А после ночи опять счастливое утро… Дима и Кирюшка спозаранку играют. Тетя Вира выставляет им в сад раскладушки. Диме особенно нравится, когда раскладушка изголовьем стоит в кустах, которые растут вдоль длинной аллейки — от калитки до крыльца. У него опять чувство, что за кустами его не видно, а он видит всех, кто проходит мимо забора — наверняка увидит и Полину, если она пройдет. Кирюхина раскладушка цветная, у Димы — брезентово-зеленая, она завалена все теми же «Веселыми картинками», книжками и даже пластинками, и он опять рассматривает своего любимого «Аладдина»…

Бывает, что раскладушки ставятся в другой части участка под яблонями… Маленький Карандеев боится лежать в шортах — один раз пружиной сильно ущипнуло ногу, и ему даже хотелось заплакать, но он вспомнил о Полине и сдержался.

Дима с Кирюшкой играют, а вокруг солнце, звуки птицы со всегда одинаковой трелью — «ске-ке-кет-скет-скет», огромный участок с садом и грядками, яблонями, кустами малины и красной смородины… Яблони заслоняют от ребят крыльцо. Иногда они передвигают раскладушки почти к самым кустам смородины, но тогда вдруг пугаются, что хозяйка дачи пожалуется на что-нибудь тете Вире — хозяйка всегда чем-то недовольна, у нее такое строгое лицо, а сейчас ребята так близко к ее огороду…

И Диме даже иногда бывает обидно, что на совместных посиделках за большим столом на «хозяйской половине» Кирюхина мама, которую Дима зовет просто по имени и от этого чувствует себя взрослым, так улыбается хозяйке дачи, ведь та такая злая и недовольная. Но на совместных праздниках мысли эти отходят — так нравится ребятам всеобщая радость и веселье. Они долго сидят за отдельным столиком и пьют на всех посиделках только сильно разбавленный сироп, который называют «ром», чувствуя себя при этом самыми настоящими пиратами.

Интересно, почему почти вся мининская детвора любит срывать смородину, крыжовник или вишню с чужих огородов, а Диме и Кирюхе это совсем неинтересно? У Пети и своих кустов на огороде достаточно, а его хлебом не корми, дай только перемазаться, напихав себе за щеки ягод с орехановского участка…

За качелями за невысоким кленом — две большие горы чернозема. Так тянет забираться на него, хоть это тоже запрещено хозяевами, но все равно скоро Дима и Кирюха будут играть, что эти кучи — бизоны, и станут всаживать в чернозем стрелы из лука.

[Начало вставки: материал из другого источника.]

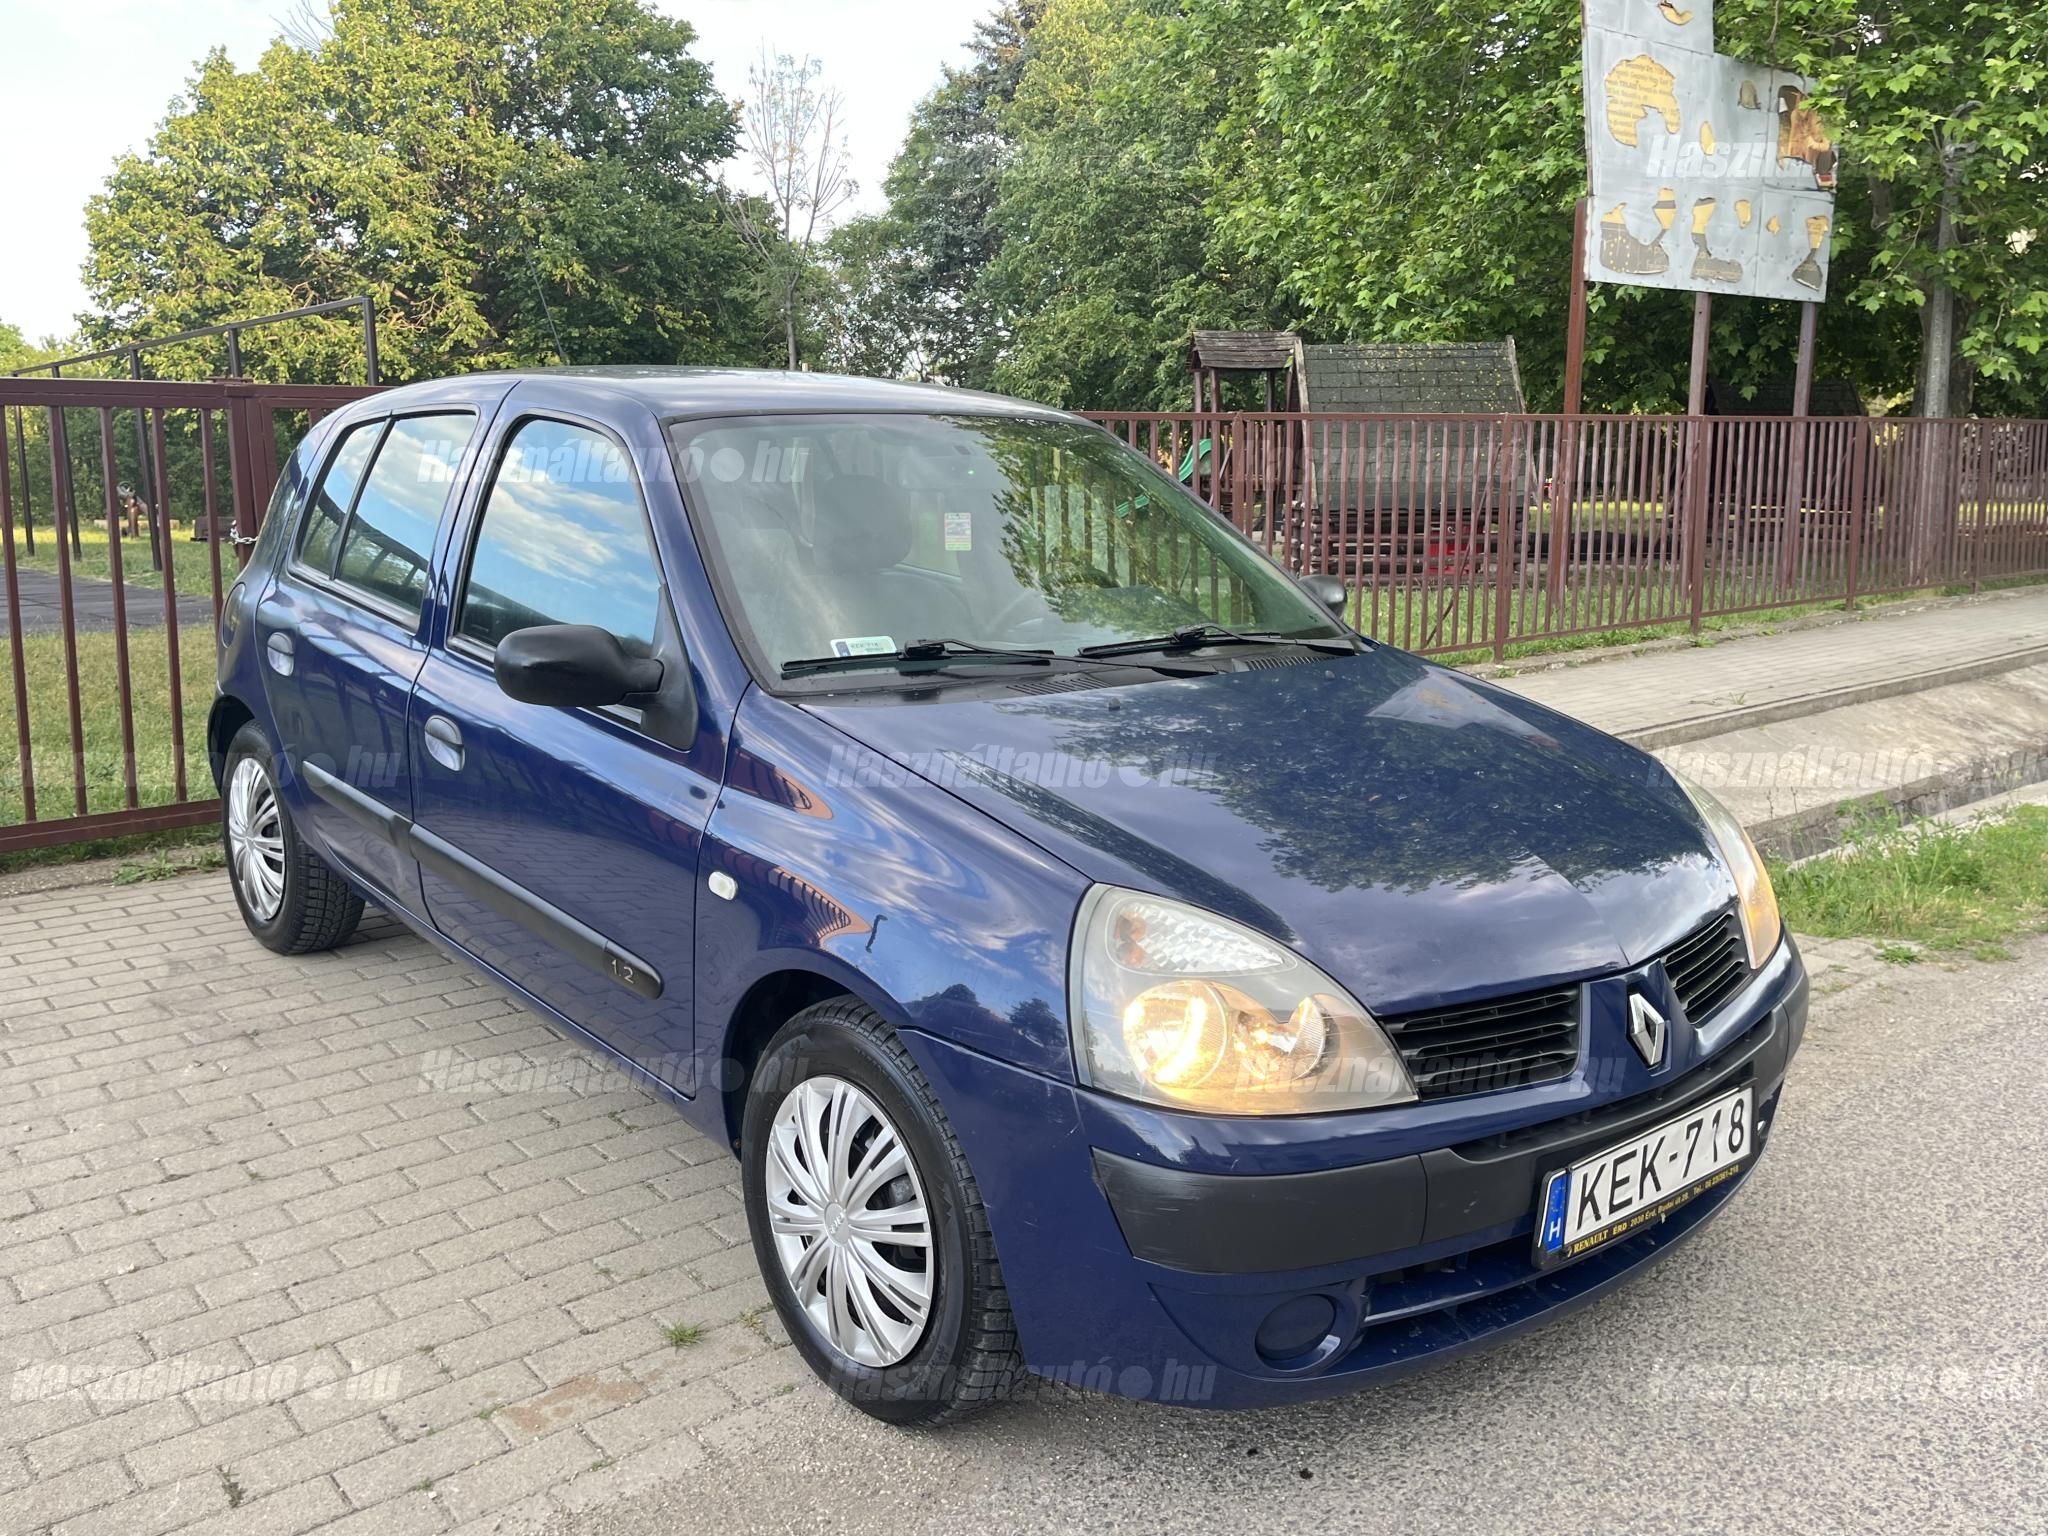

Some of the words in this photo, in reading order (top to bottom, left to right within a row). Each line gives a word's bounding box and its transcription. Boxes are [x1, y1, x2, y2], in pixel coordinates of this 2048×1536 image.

[1577, 1098, 1744, 1231] KEK-718
[1548, 1217, 1562, 1242] H
[1574, 1229, 1609, 1254] RENAULT

Или все тот же зеленый столик и пляжный раскладной стул бело-сине-коричневого окраса — это у Димы, у Кирюхи же маленький деревянный с прорезью у верха спинки. За столом этим ребята всегда что-то рисуют, раскрашивают.

А вот еще одна из их игр. Дима и Кирилл — рыцари, которые скачут куда-то на конях и до означенного пункта им надо проехать столько-то кругов вокруг зеленых кустов. Дима ездит на маленьком голубом «Школьнике» старой модели с двумя рамами, который купили еще его сестре, у этого велосипеда эмблема оленя на руле. Кирюха же едет на своем «Школьнике» новой модели. Конечно же, Кирюхин велосипед Диме нравится больше, потому что похож на маленькую сильную лошадку, которые были у татарских воинов, когда они двинулись завоевывать вселенную. Ребята ездят кругами, и вот с крыльца раздается тети-Вирино знаменитое: «Кирр-рил!» — строго, угрожающе и одновременно любя. Наверное, в то время у тетиного голоса уже была эта интонация, которая слышится Диме и сейчас…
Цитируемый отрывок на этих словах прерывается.